MATERIAL FOR THE TASK Start Marker
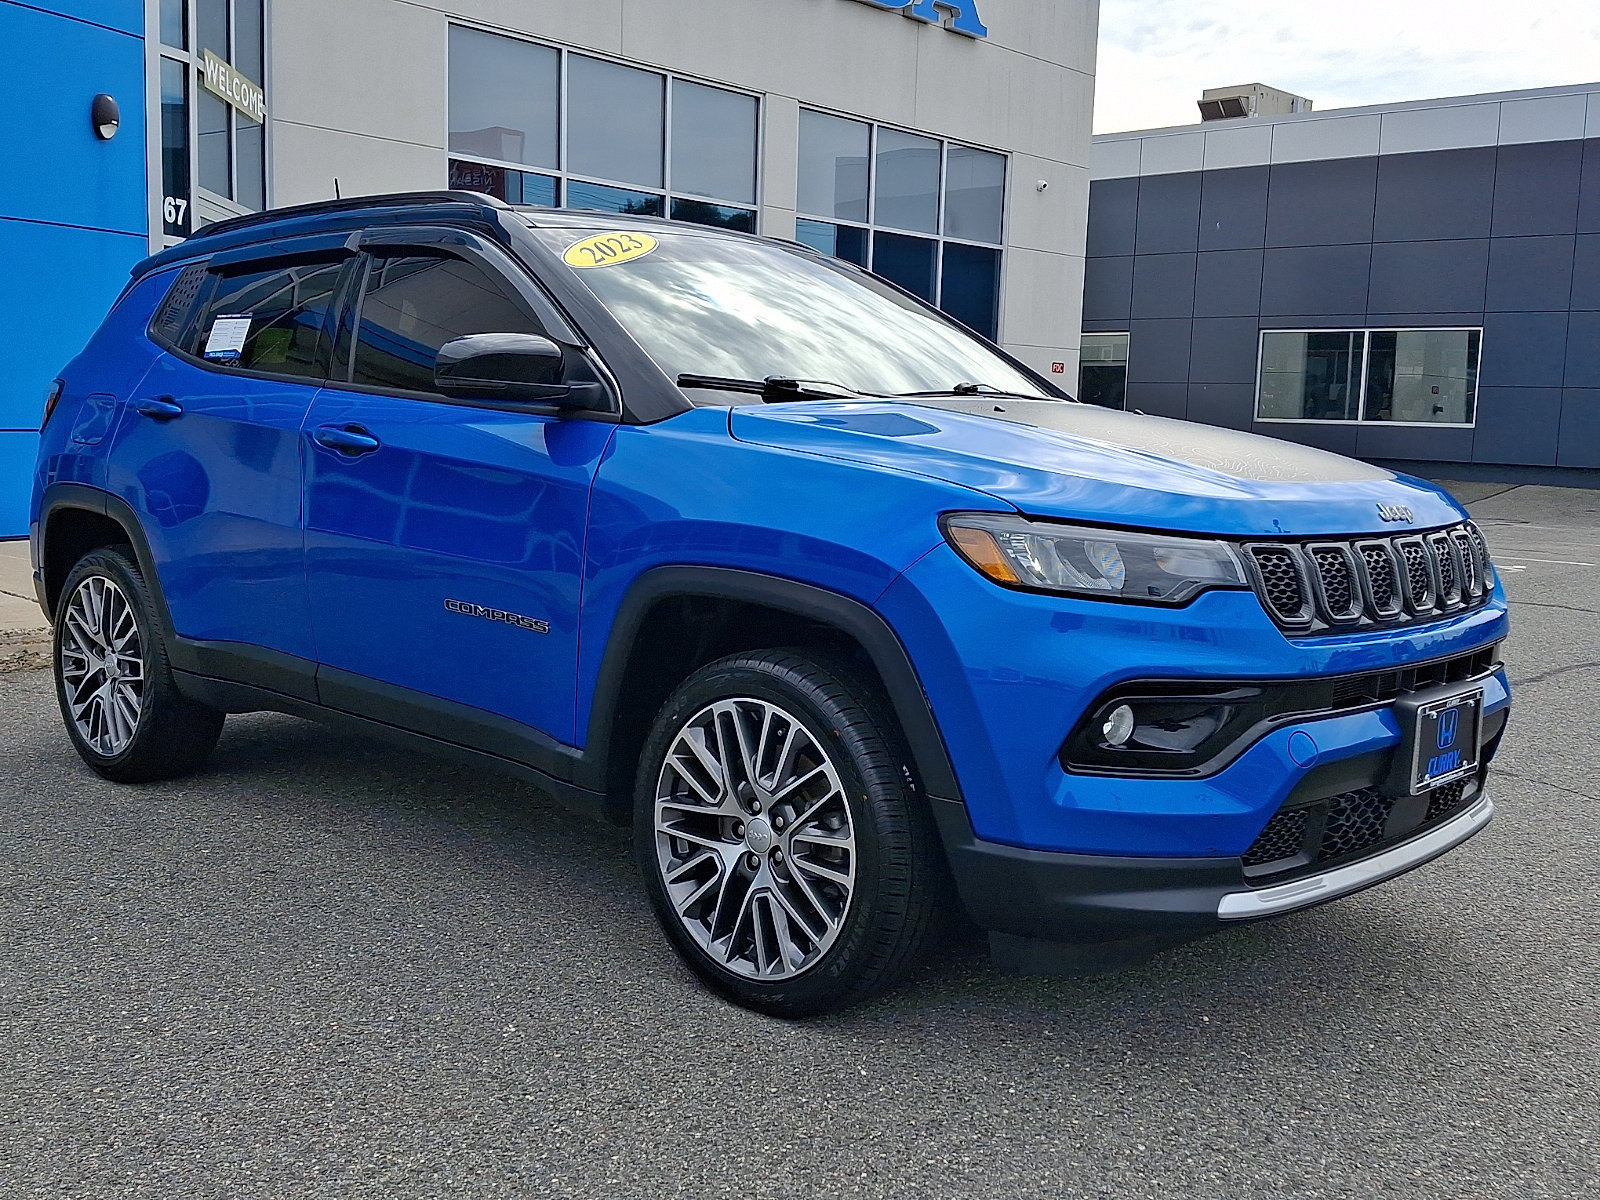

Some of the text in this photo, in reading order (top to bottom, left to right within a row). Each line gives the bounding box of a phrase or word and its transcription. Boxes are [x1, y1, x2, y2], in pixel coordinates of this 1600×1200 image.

[204, 55, 263, 118] WELCOME
[164, 196, 187, 225] 67
[579, 234, 643, 264] 2023
[1376, 502, 1413, 524] Jeep
[443, 598, 550, 634] COMPASS
[1427, 748, 1461, 776] CURRY
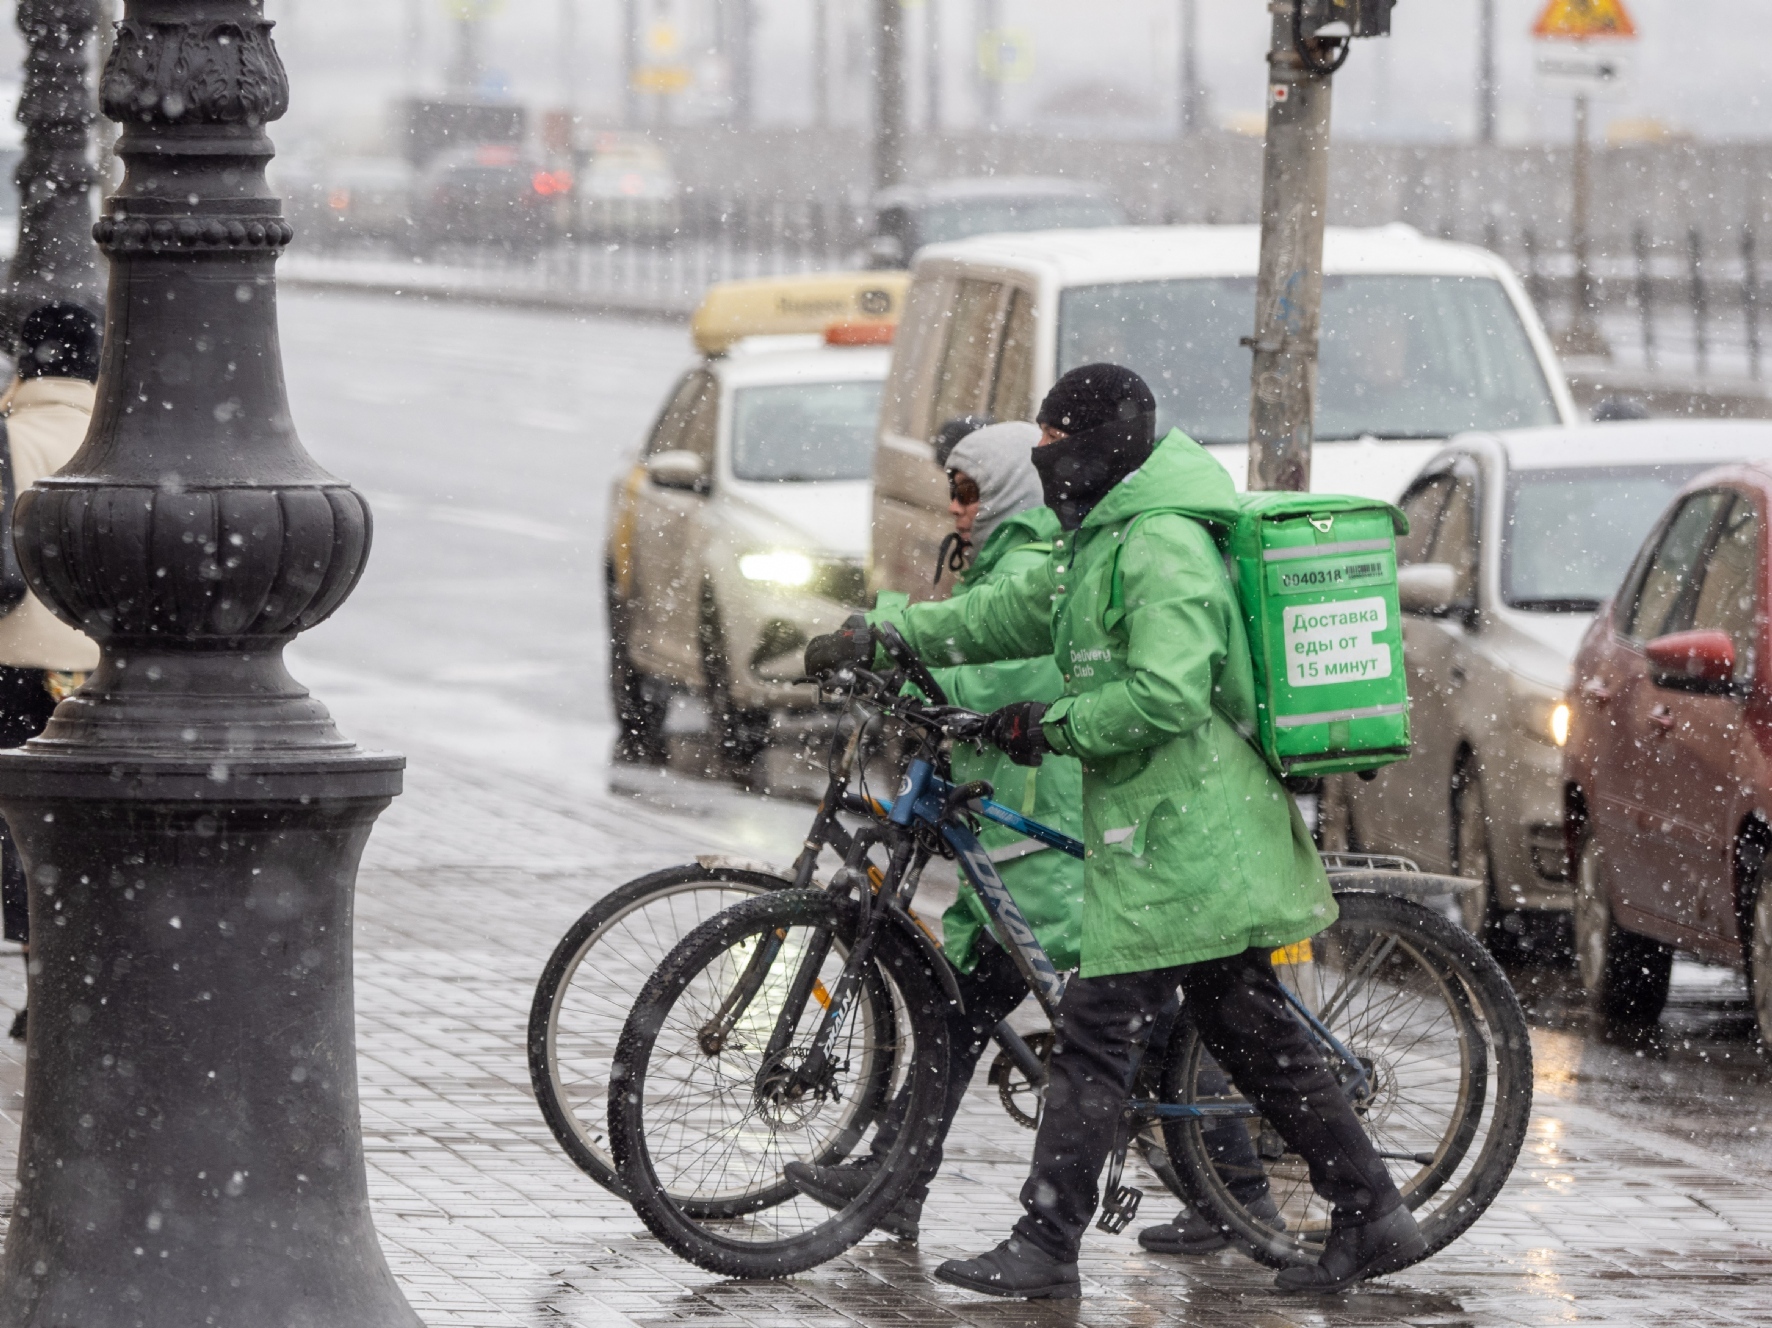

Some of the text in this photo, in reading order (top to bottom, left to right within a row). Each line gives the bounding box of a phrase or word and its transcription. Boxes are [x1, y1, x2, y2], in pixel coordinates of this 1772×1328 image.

[1283, 569, 1342, 587] 0040318
[1292, 609, 1379, 633] Доставка
[1070, 649, 1112, 662] Delivery
[1294, 636, 1358, 656] еды от
[1073, 665, 1095, 677] Club
[1296, 658, 1378, 678] 15 минут
MATERIAL FOR THE TASK End Marker
WHAT THE TASK REQUIRES —
Would you write out every record word for word, leaving no picture in?

RESULT —
Some of the text in this photo, in reading order (top to bottom, left to right within a row). Each line gives the bounding box of a phrase or word and its transcription. Boxes are [x1, y1, x2, y2], in pixel coordinates of this 1600×1200 image.

[204, 55, 263, 118] WELCOME
[164, 196, 187, 225] 67
[579, 234, 643, 264] 2023
[1376, 502, 1413, 524] Jeep
[443, 598, 550, 634] COMPASS
[1427, 748, 1461, 776] CURRY

Some of the text in this photo, in reading order (top to bottom, left to right within a row). Each line gives the bounding box of a phrase or word and its transcription. Boxes are [x1, y1, x2, y2], in pixel coordinates of this 1772×1328 image.

[1283, 569, 1342, 587] 0040318
[1292, 609, 1379, 633] Доставка
[1070, 649, 1112, 662] Delivery
[1294, 636, 1358, 656] еды от
[1073, 665, 1095, 677] Club
[1296, 658, 1378, 678] 15 минут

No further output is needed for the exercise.